THE TASK
Repeat each entry exactly. Drop every image.

EXERCISE INPUT
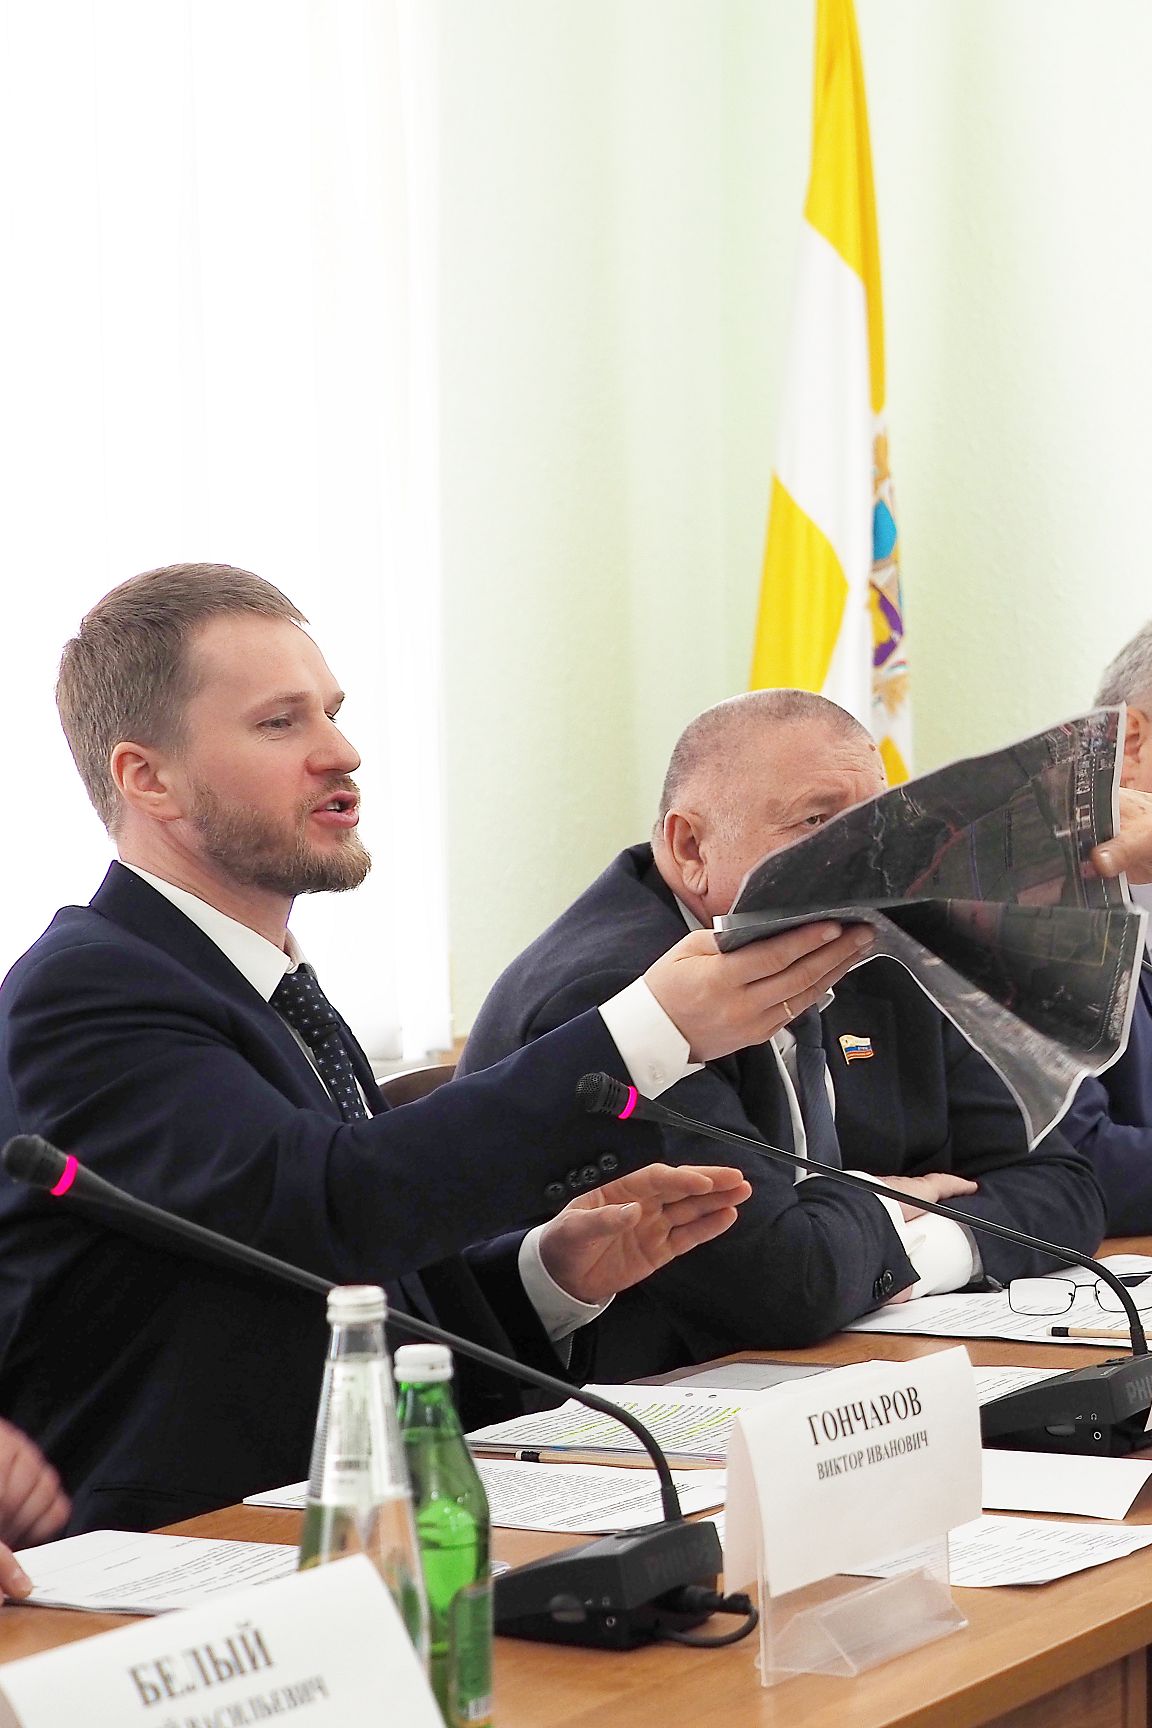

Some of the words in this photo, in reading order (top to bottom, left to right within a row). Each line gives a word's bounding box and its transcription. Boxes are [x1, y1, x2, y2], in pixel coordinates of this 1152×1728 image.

[806, 1386, 923, 1445] ГОНЧАРОВ
[816, 1452, 863, 1481] ВИКТОР
[866, 1430, 929, 1465] ИВАНОВИЧ
[129, 1620, 275, 1707] БЕЛЫЙ
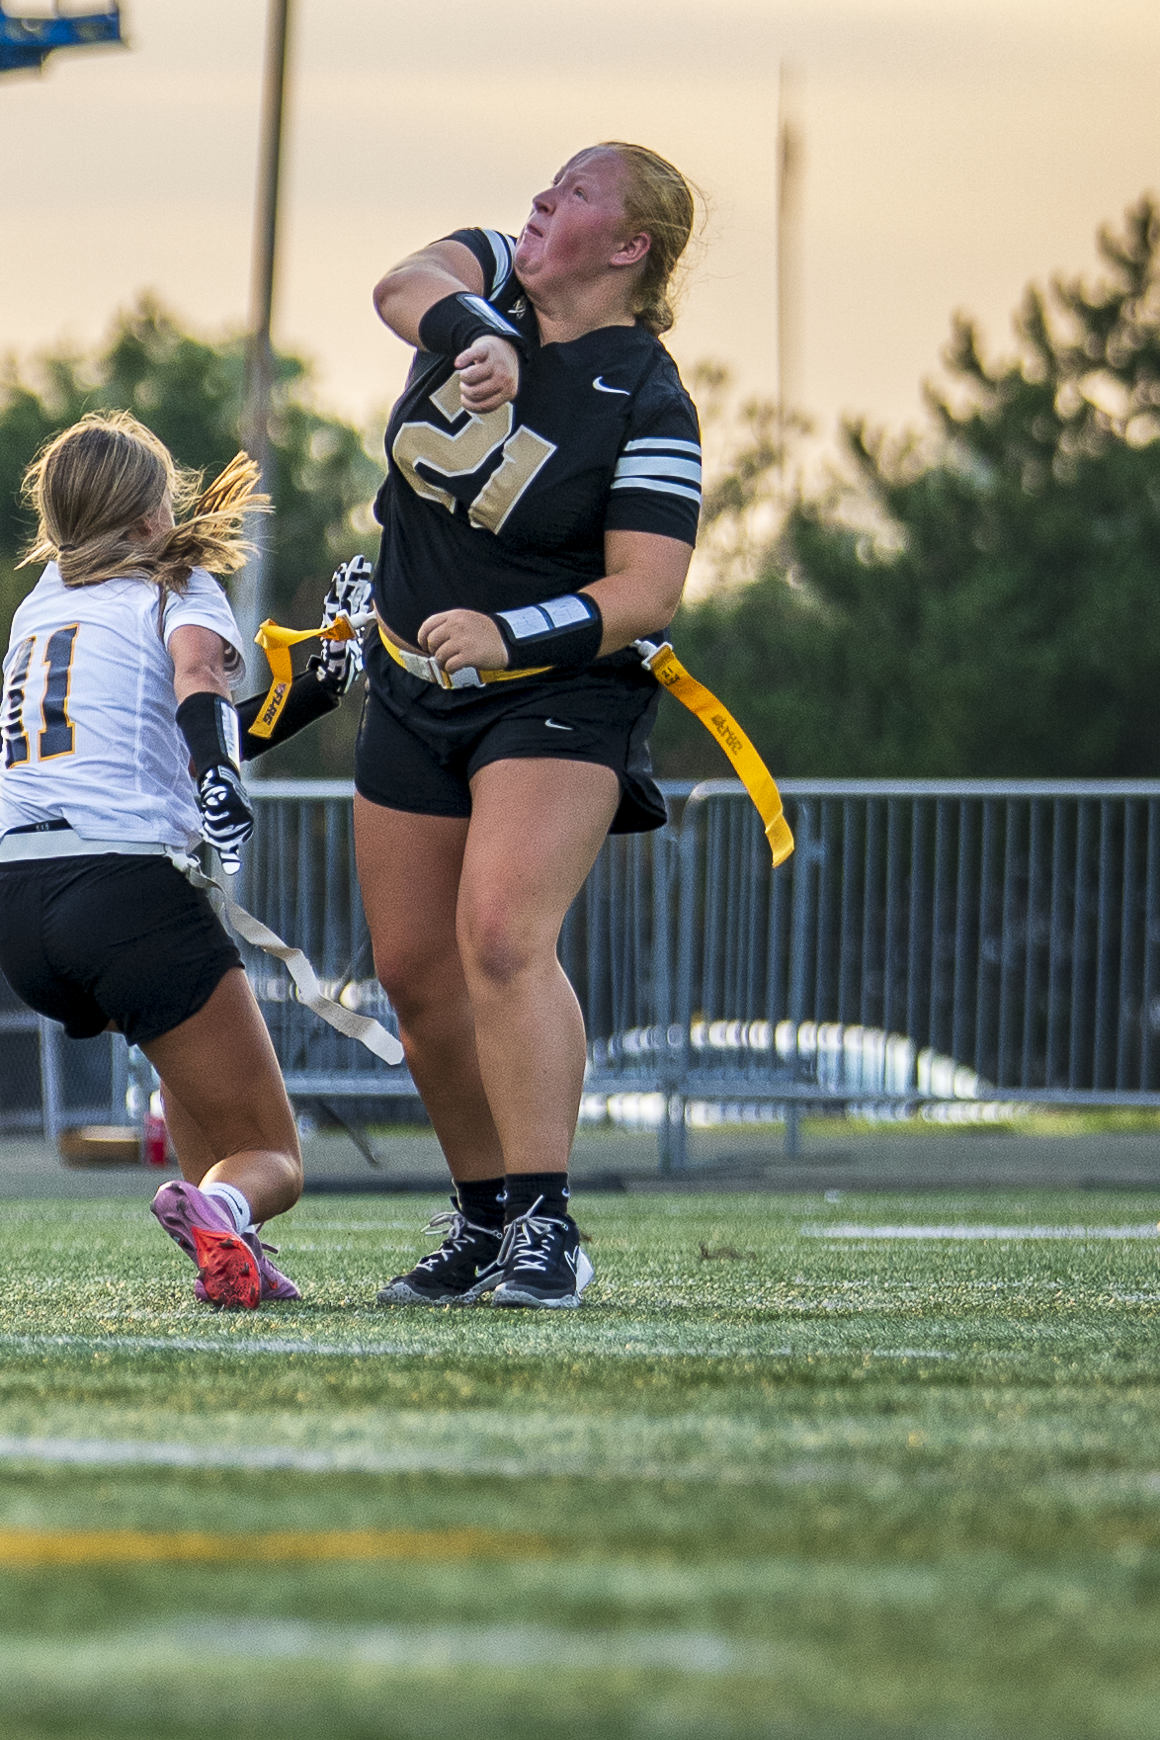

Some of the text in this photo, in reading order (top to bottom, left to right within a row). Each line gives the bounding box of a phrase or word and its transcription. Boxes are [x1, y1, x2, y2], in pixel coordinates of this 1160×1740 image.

[392, 369, 558, 535] 21
[4, 622, 80, 769] 11
[262, 688, 283, 726] FLAG
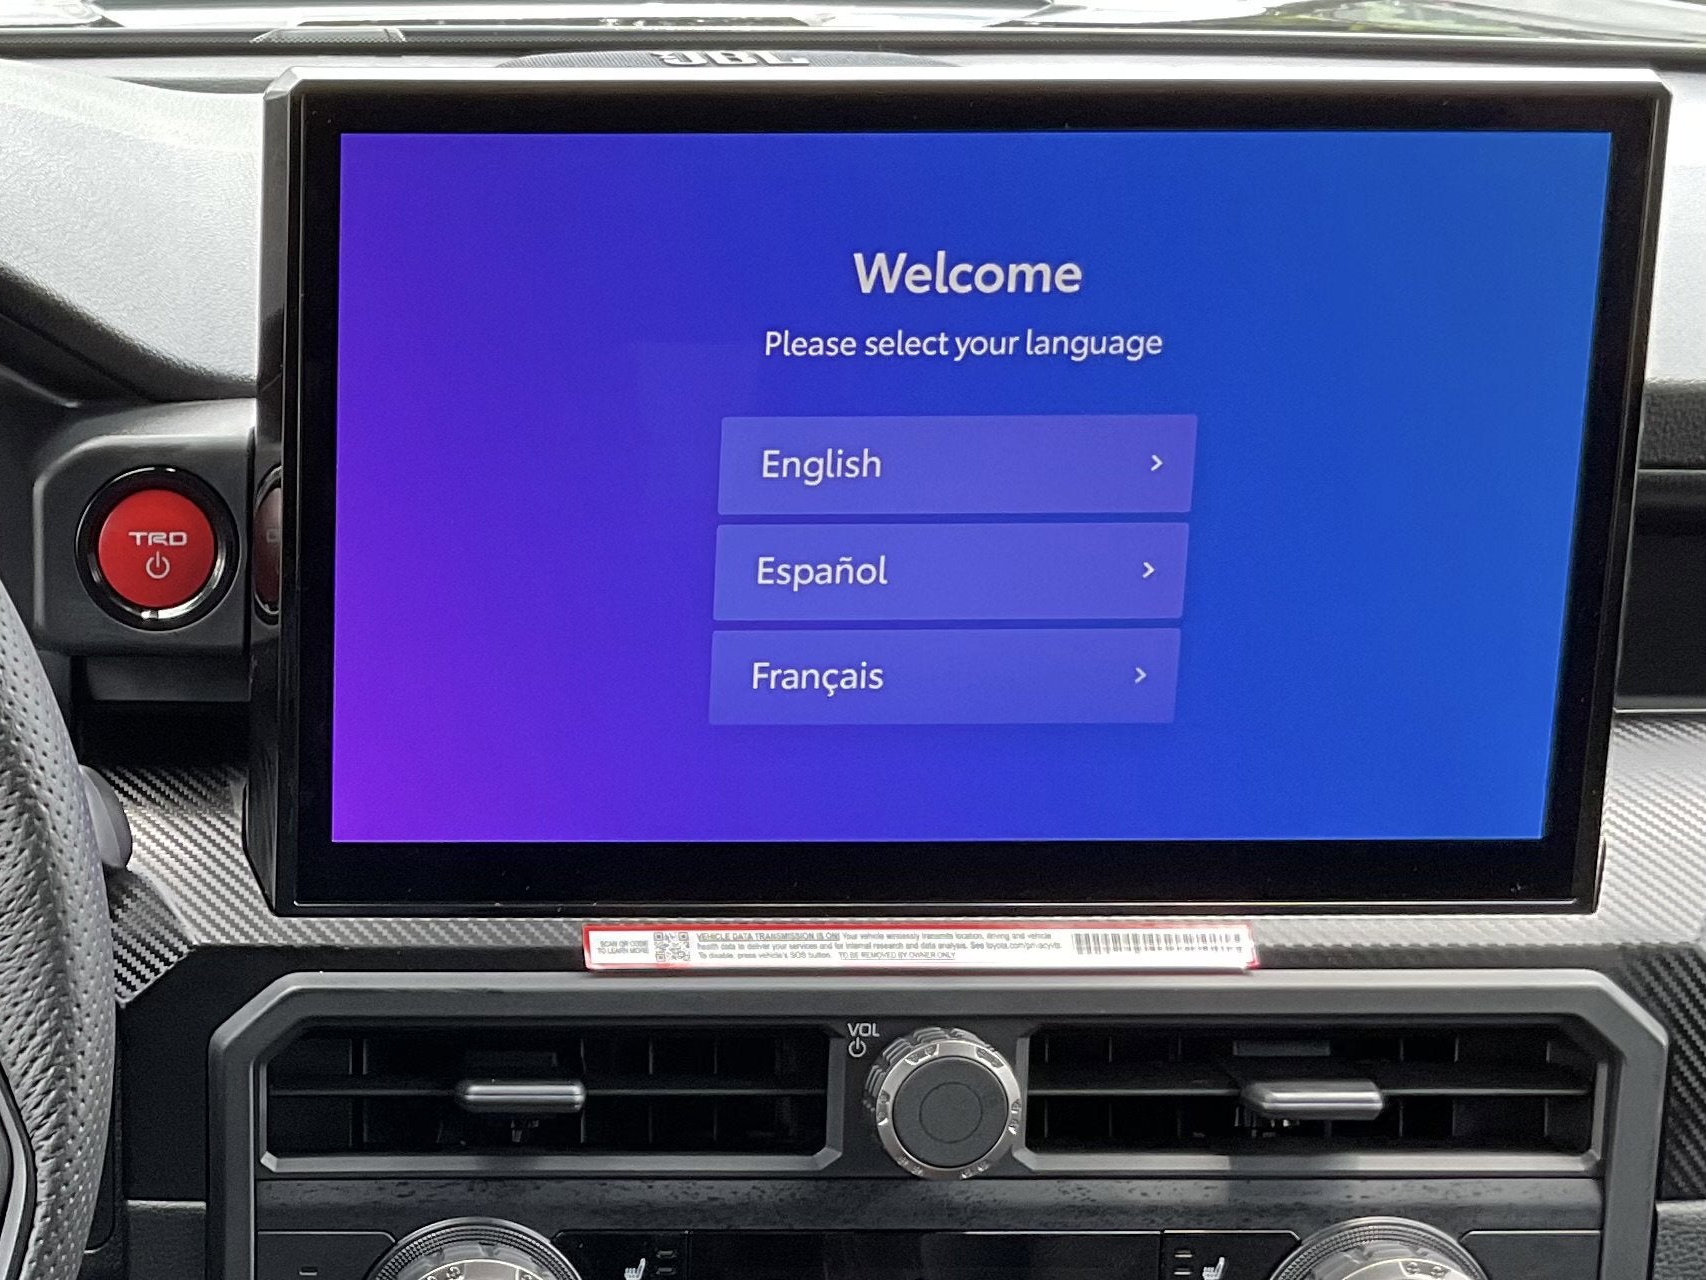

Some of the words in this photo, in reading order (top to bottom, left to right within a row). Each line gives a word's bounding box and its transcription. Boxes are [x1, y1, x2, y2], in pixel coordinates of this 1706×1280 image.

EXERCISE OUTPUT
Some of the words in this photo, in reading order (top to bottom, left to right within a row). Each line gives a word's bounding box and its transcription. Boxes are [x1, y1, x2, y2], in pixel coordinates of this 1152×1728 image.

[806, 1386, 923, 1445] ГОНЧАРОВ
[816, 1452, 863, 1481] ВИКТОР
[866, 1430, 929, 1465] ИВАНОВИЧ
[129, 1620, 275, 1707] БЕЛЫЙ

Some of the text in this photo, in reading order (top to bottom, left to right within a row). Each line gives the bounding box of a phrase or word and its transcription. Boxes are [x1, y1, x2, y2], in pixel coordinates of this 1160×1740 image.

[392, 369, 558, 535] 21
[4, 622, 80, 769] 11
[262, 688, 283, 726] FLAG

Some of the words in this photo, in reading order (top to bottom, left to right within a row). Each line gives a word's bounding box and its transcription. Boxes are [x1, y1, x2, y2], in pixel coordinates of this 1706×1280 image.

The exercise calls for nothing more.